|IN VITRO PLANT REGENERATION FROM JUVENILE SHOOTS OF Nelumbo nucifera Gaertn. ssp. nucifera (Chinese/Asian Lotus), A WATERPLANT SPECIES AS AN ALTERNATIVE FOOD SUPPLY
N. Mahmad and R.M. Taha
Institute of Biological Sciences, Faculty of Science, University of Malaya, 50603 Kuala Lumpur, Malaysia, Email: firstname.lastname@example.org
The lotus, Nelumbo nucifera Gaertn. ssp. Nucifera, is an important aquatic economic plant, not only as an ornamental flower but also as a source of edible and herbal medicine with strong bioactive ingredients such as alkaloids, flavonoids, antioxidants, antisteroids, antipyretic, anticancer, antiviral and anti obesity properties. An in vitro protocol is described for rapid and large scale propagation of Nelumbo nucifera Gaertn. ssp. nucifera (Nelumbonaceae), also known as sacred lotus. Juvenile shoots (2-weeks-old) were excised and cultured on solid Murashige and Skoog (1962) medium for axillary shoot proliferation. After 2 weeks of inoculation, one shoot elongated from each explant. Multiple shoots induction was achieved with efficient shoot elongation and repeated subculture of rootstock segments resulted in 4-5 shoots per explant after 8 weeks. The best growth was observed on solid MS medium supplemented with the combination of 0.5 mg/l NAA and 1.5 mg/l BAP. Rooting was obtained by growing shoots on solid MS without growth regulators (MS basal medium) within 4 weeks.

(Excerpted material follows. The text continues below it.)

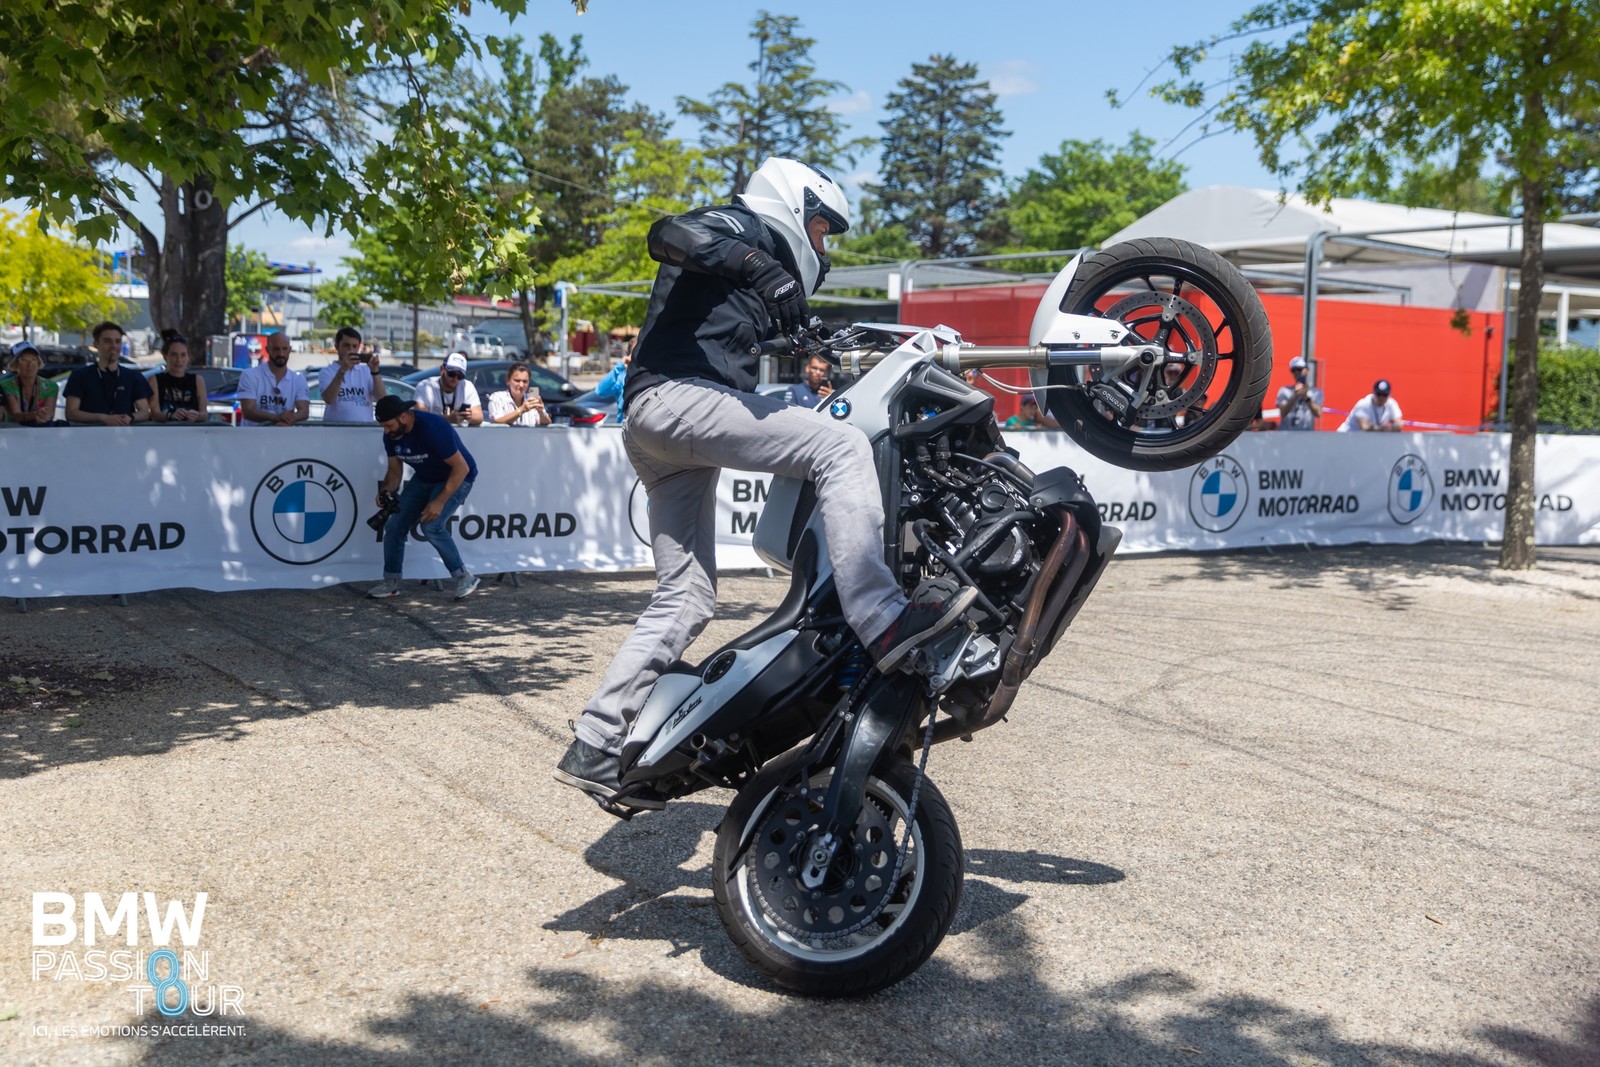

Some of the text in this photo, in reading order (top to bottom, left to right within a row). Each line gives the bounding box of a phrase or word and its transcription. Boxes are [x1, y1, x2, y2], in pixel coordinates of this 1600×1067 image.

Keywords: lotus, plant regeneration, multiple shoots, 6-benzyl aminopurine (BAP), α-naphtaleneacetic acid (NAA)
Aquatic ecosystems such as rivers, lakes, ponds and wetlands, are expected to be the most severely affected by global warming phenomenon such as UVB radiation, decreasing water quality, salinisation, elevated temperature and water level as they occupy the lowest areas in the landscape (Brock et al., 2005; Goodman et al., 2010; Hart et al., 2003; James et al., 2003; Walker et al., 2002). Despite being recognised as areas of ecological complexity and conservation importance (Davis et al., 2006), aquatic systems continue to be among the world’s most threatened ecosystems (Zedler and Kercher, 2005). The threats will lead the aquatic biota become increasingly stressed, resulting in reduced growth and reproduction (Sim et al., 2006) and ultimately death (Kefford et al., 2007; Nielsen et al., 2003), leading to a decline in species richness (Hart et al., 1990). Lotus one of most important aquatic plants and has the critical role in ecological systems of wetlands, lakes and ponds. The growth of lotus is also affected by water level and its fluctuation. The deepest water level recorded is about 2-3 m for wild lotus (Wang and Zhang, 2005). Recently lotus has been included in the list of endangered species in China (Dong and Zheng, 2005) and America (Sayre, 2004).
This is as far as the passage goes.